Beneath the surface magma tends to cool slowly which allows for the growth of large crystals within the rock. Rocks formed in this way are intrusive or plutonic rocks. Mineral growth is often enhanced by aqueous fluids that can help carry the chemical components necessary for rapid crystal growth. Common examples of plutonic rock are granite, diorite, gabbro, anorthosite, and syenite; the rock names depend on the relative proportions of constituent minerals and the bulk chemistry.

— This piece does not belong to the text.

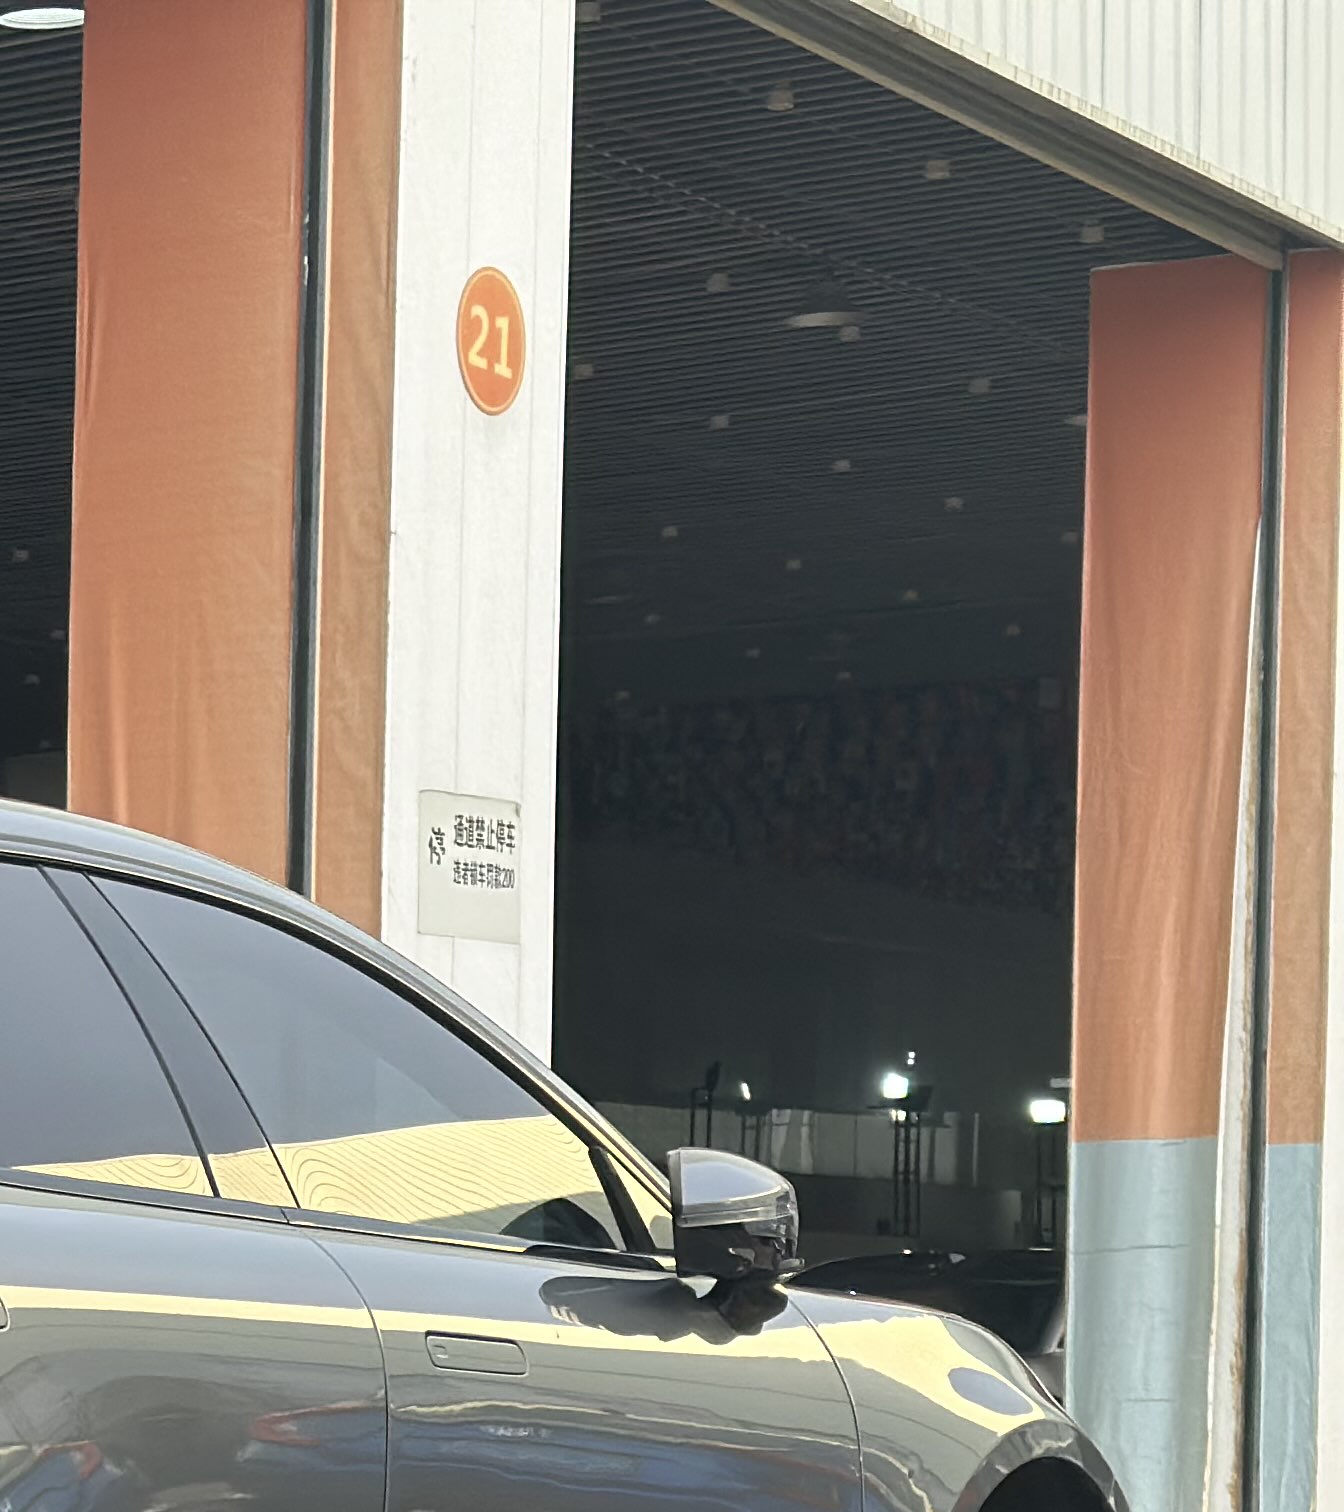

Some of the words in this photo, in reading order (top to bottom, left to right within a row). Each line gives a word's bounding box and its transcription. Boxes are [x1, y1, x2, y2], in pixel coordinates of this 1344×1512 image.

[468, 304, 513, 380] 21
[454, 814, 516, 854] 通道禁止停车

Magma that erupts onto the surface is called lava that cools very quickly because the temperature at the surface is relatively low, and crystals will probably cease growth because the liquid is quenched. Thus, an extrusive or volcanic rock is formed. Volcanic glass is a type of quenched lava, and typical volcanic rocks are rhyolite, basalt, and andesite.

 

Volcanic (extrusive) Rocks

Basalt: the most abundant extrusive rock type. It is found in all regions of the Earth and is known to exist on the Moon, Mars, Venus, and Mercury. A fine-grained dark rock made of plagioclase and pyroxene (often with olivine and Fe-oxides), it usually occurs as lava flows or tephra (fragmented lava that makes up cinder cones, spatter cones, etc). Basaltic magma is generated by partial melting of mantle rock, and rises through the crust to the surface.
Basalt (with ultramafic nodules): has pieces of the mantle or lower crust from which it was derived or from the last place where the magma resided before erupting on the surface. The nodules are made of olivine and pyroxenes that are dominant minerals in the mantle and lower crust.
Obsidian (silicic black volcanic glass): This obsidian came from a composite volcano in the Cascade Range of Oregon. Obsidian is typically homogeneous, but it can have flow lineations and compositional banding. This specimen contains several spherulites, round marble-sized zones where the glass devitrified outward from a central nucleus of crystallization that contained a small amount of water.
Volcanic glass with pumiceous fragments: The lava in this sample was broken into fragments as it expanded with volatiles (H2O vapor mostly) and chilled while the flow was moving. Interstitial material is continuous between the fragments and shows evidence of oxidation which causes a change in color to more red and orange hues.
Andesite: Volcanic rocks that have phenocrysts (crystals embedded in a fine matrix) are termed "porphyritic" and are common in magmatic arc terranes and illustrate multiple stages of crystallization.. Magma begins to crystallize soon after it is generated by partial melting. Crystals that form in the magma chamber are surrounded by finer groundmass that cooled rapidly. This sample is porphyritic andesite, and came from a lava flow that erupted in central Idaho about 50 million years ago. Andesite is named for the Andes Mountains in South America, where numerous volcanoes occur above a subduction zone. NOTE: Not all andesites look like this; many are dark, almost basalt-like, with fewer phenocrysts.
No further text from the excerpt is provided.